Travel curbs huge bottlenecks for Covid-19 vaccine rollout

After nearly a year of depressing developments on all fronts, green shoots of recovery in terms of vaccine success are in sight despite the raging virus still wreaking havoc on the financial world.
American company Moderna said on Monday its experimental Covid-19 vaccine had proved 94.5% effective in a clinical trial, a week after another drugmaker Pfizer reported 90% efficacy findings for its vaccine being developed in association with Germany’s biotechnology firm, BioNTech.
Once approved, both vaccines are likely to require transport and storage well below freezing, posing logistical hurdles.
Air cargo operators may struggle to distribute the new Covid-19 vaccines, and other vaccines expected over the next few months, global airlines have cautioned.
The warning came in vaccine transport guidelines issued by the International Air Transport Association (IATA), which is pushing governments to replace travel curbs and quarantines with testing.
There are currently more than 100 Covid-19 vaccine candidates under development, with a number of these in the human trial phase, according to the World Health Organisation.
As WHO and partners work together on the response – tracking the pandemic, advising on critical interventions, distributing vital medical supplies to those in need – they are racing to find a vaccine.
The expected vaccine roll-out in the next few weeks, however, poses new challenges for the aviation industry.
The US-German drug giants could apply for authorisation from the US Food and Drug Administration (FDA) as early as this month.
But reaching the vaccine to billions of people around the world is a gigantic task.
“If borders remain closed, travel curtailed, fleets grounded and employees furloughed, the capacity to deliver life-saving vaccines will be very much compromised,” IATA said.
Widespread grounding of passenger flights that normally carry 45% of global cargo in their holds has taken out capacity, thinning the air freight network and driving up prices.
Existing immunisation campaigns have struggled with the partial shutdown. The World Health Organisation and Unicef “have already reported severe difficulties in maintaining their planned vaccine programmes during the Covid-19 crisis due, in part, to limited air connectivity,” IATA said. Vaccines will need to be shipped to developing countries reliant on passenger services for cargo, IATA’s head of cargo Glyn Hughes told Reuters. Even in industrialised states, vaccine dispersal may be a tighter bottleneck than production, requiring shipments to secondary airports on passenger jets.
In preparation for the challenge of mass vaccine distribution, governments should move to reopen key passenger routes backed by robust testing, the airline body argues.
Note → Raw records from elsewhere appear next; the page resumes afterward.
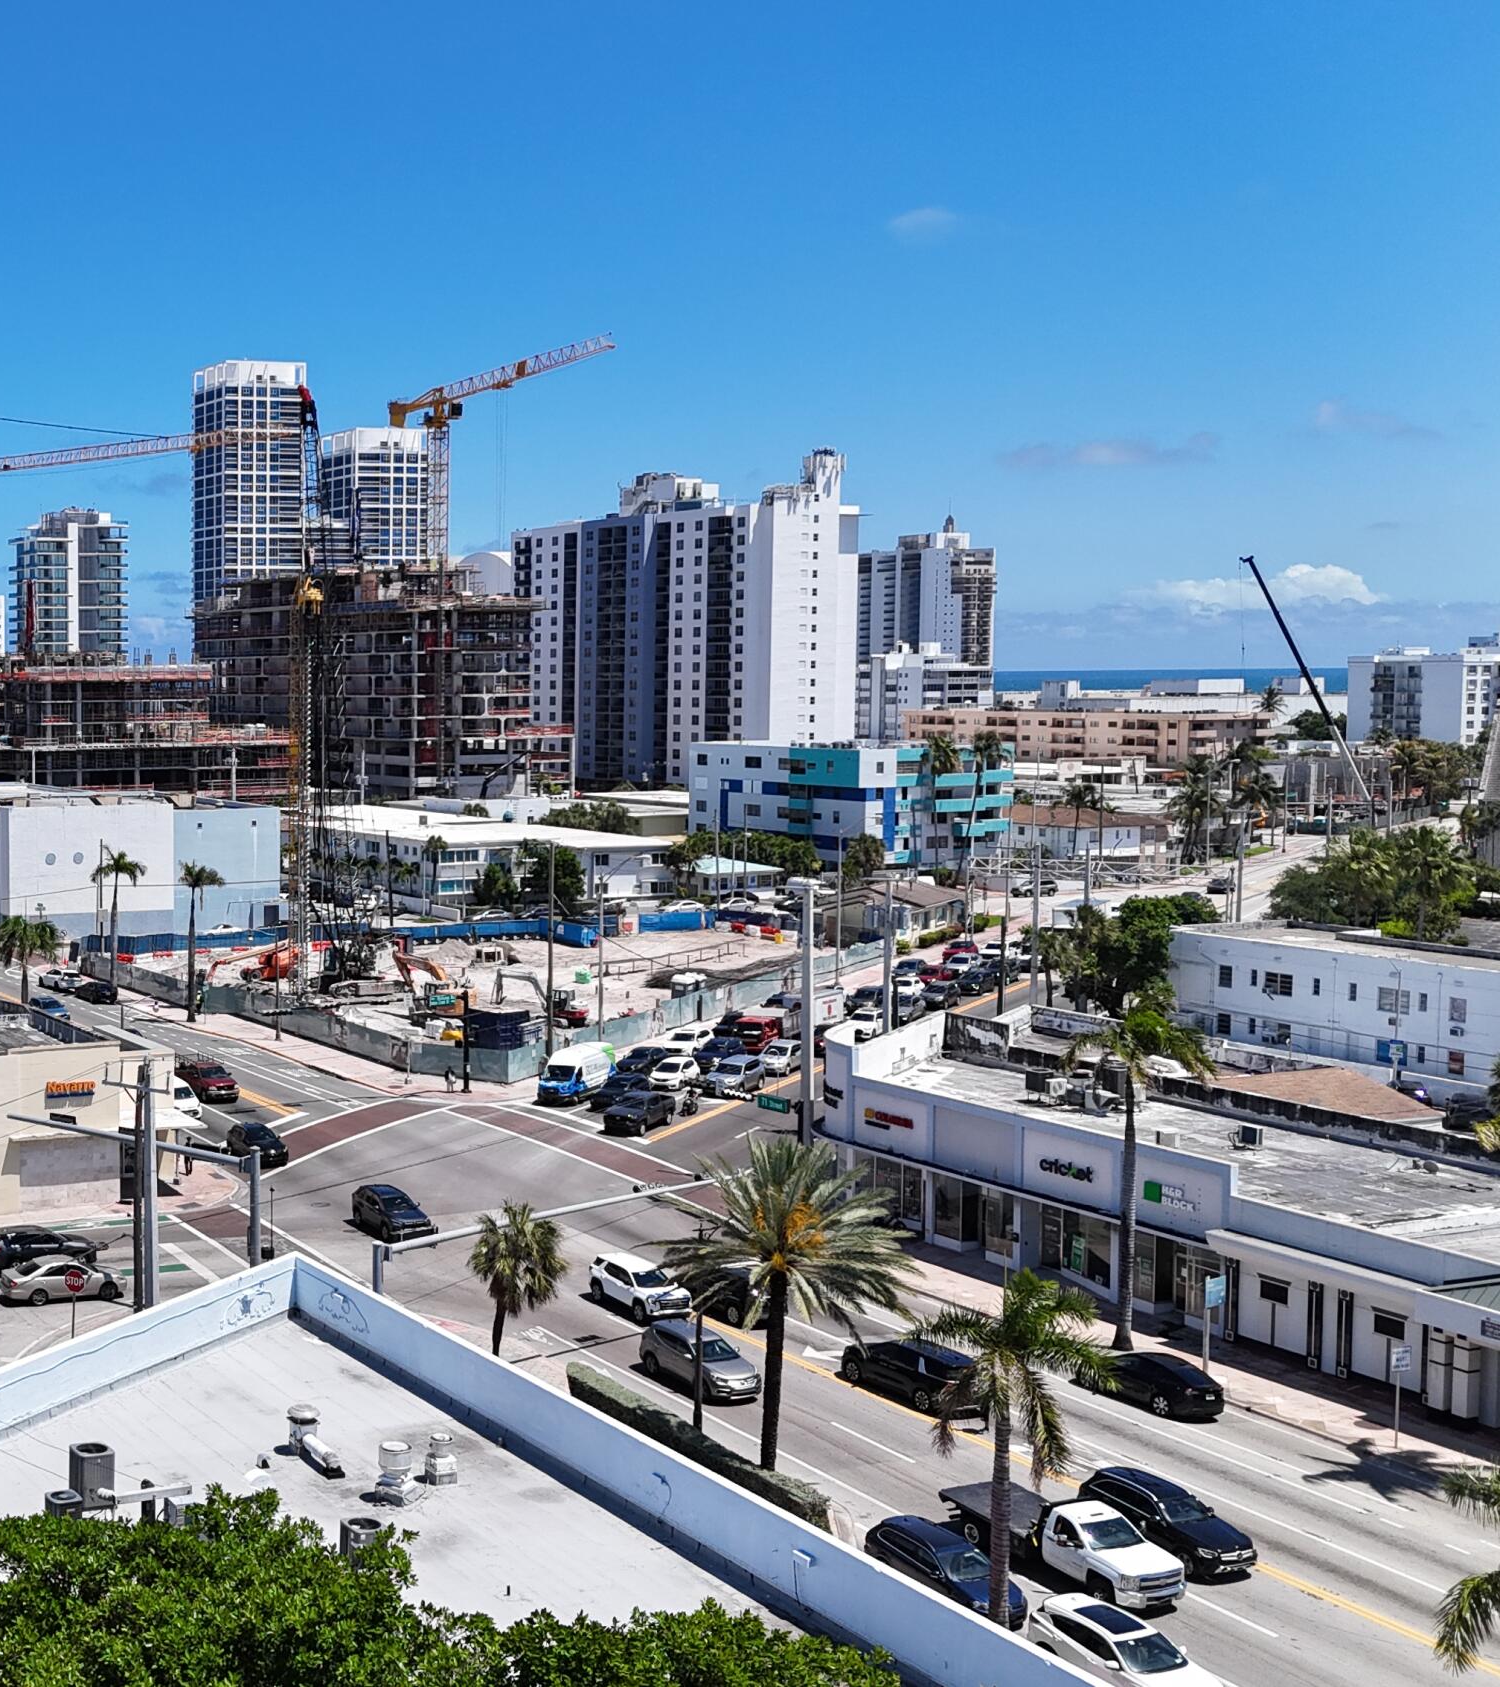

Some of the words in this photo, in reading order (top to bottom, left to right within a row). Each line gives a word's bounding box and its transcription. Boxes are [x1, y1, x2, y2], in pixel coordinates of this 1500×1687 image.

[46, 1081, 96, 1093] Navarro
[760, 1097, 768, 1107] 71
[769, 1100, 783, 1110] Street
[1039, 1158, 1094, 1183] cricket
[1161, 1185, 1183, 1198] H&R
[1161, 1196, 1195, 1212] BLOCK
[66, 1276, 84, 1287] STOP
“There are several more months for governments to go through the planning cycle,” Hughes said, leaving enough time to “get passenger networks safely resumed, looking at safe travel corridors (and) mutual acceptance of testing procedures.”
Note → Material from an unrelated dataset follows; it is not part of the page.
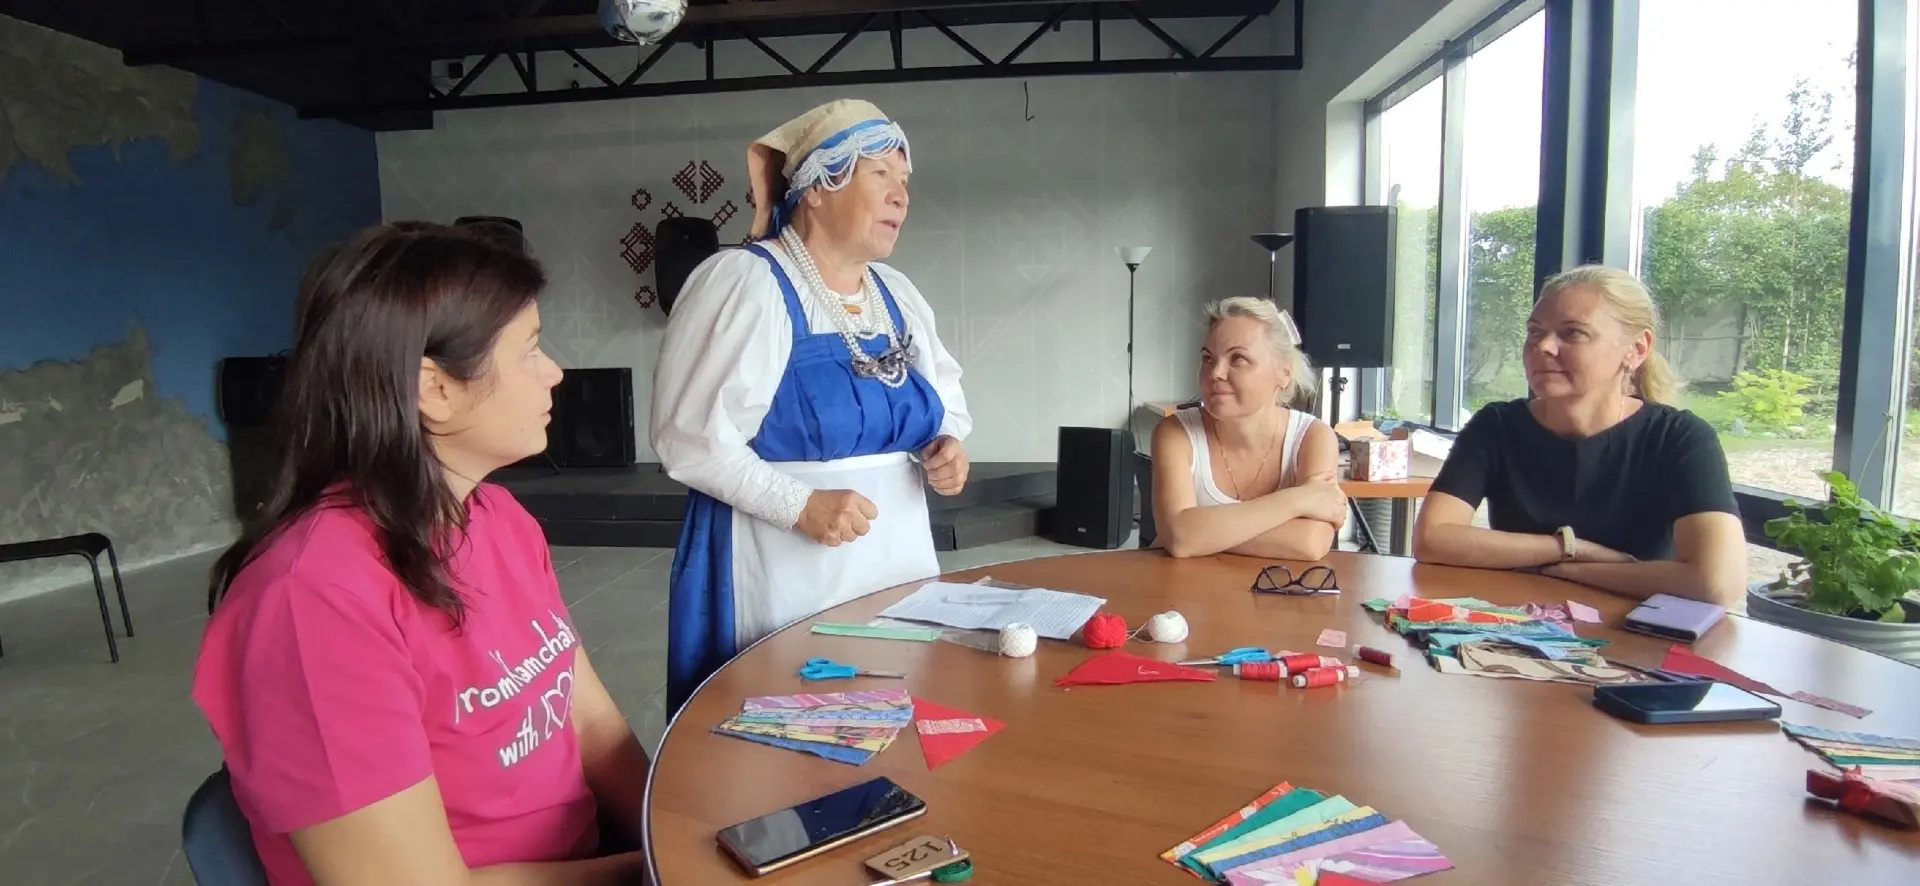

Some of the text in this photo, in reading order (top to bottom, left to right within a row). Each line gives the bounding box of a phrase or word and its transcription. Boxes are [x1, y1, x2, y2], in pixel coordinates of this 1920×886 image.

[455, 677, 521, 724] rom
[499, 706, 539, 767] with
[884, 841, 943, 872] 125
Undoubtedly, the beleaguered travel industry immediately got a boost following the rosy vaccine update, with airline and cruise company share prices rallying, and tour operators seeing upticks in searches and bookings for 2021. Finally, it feels as if vacations might be in our future. The promising news on vaccines development has already triggered a wave of optimism around the wider airline and tourism industry, which has been decimated by the coronavirus pandemic, resulting in huge revenue and job losses around the world.
Air transport is a vital feature of our modern, globalised world, connecting people and businesses across oceans and continents.
The aviation industry supports 65.5mn jobs around the world and supports $2.7tn (3.6%) of the world’s gross domestic product (GDP). Nearly 4.5bn passengers flew the world’s airlines in 2019.
The potential size of the delivery is enormous, IATA points out. Just providing a single dose to 7.8bn people would fill 8,000 747 (jumbo) cargo aircraft!
Land transport will help, especially in developed economies with local manufacturing capacity. But vaccines cannot be delivered globally without the significant use of air cargo.
Air cargo, therefore, plays a key role in the distribution of vaccines in normal times through well-established global time – and temperature-sensitive distribution systems. This capability will be crucial to the quick and efficient transport and distribution of Covid-19 vaccines when they are available, and it will not happen without careful planning, led by governments and supported by industry stakeholders.
Having a safe, viable vaccine is only one step in the global fight against the ferocious virus. Public health officials around the world are gearing up for the biggest vaccination effort in history – a monumental undertaking that must distribute billions of doses, prioritise who’s first in line and ensure that people who get the initial shot return for the necessary second one.
Understanding the extent of those challenges is essential to addressing them and being realistic about how the coming months will unfold.
Admitted, we are not going to have an immediate end to the pandemic. But if all goes well, we can make great strides toward lessening the danger posed by the virus by mid to late 2021.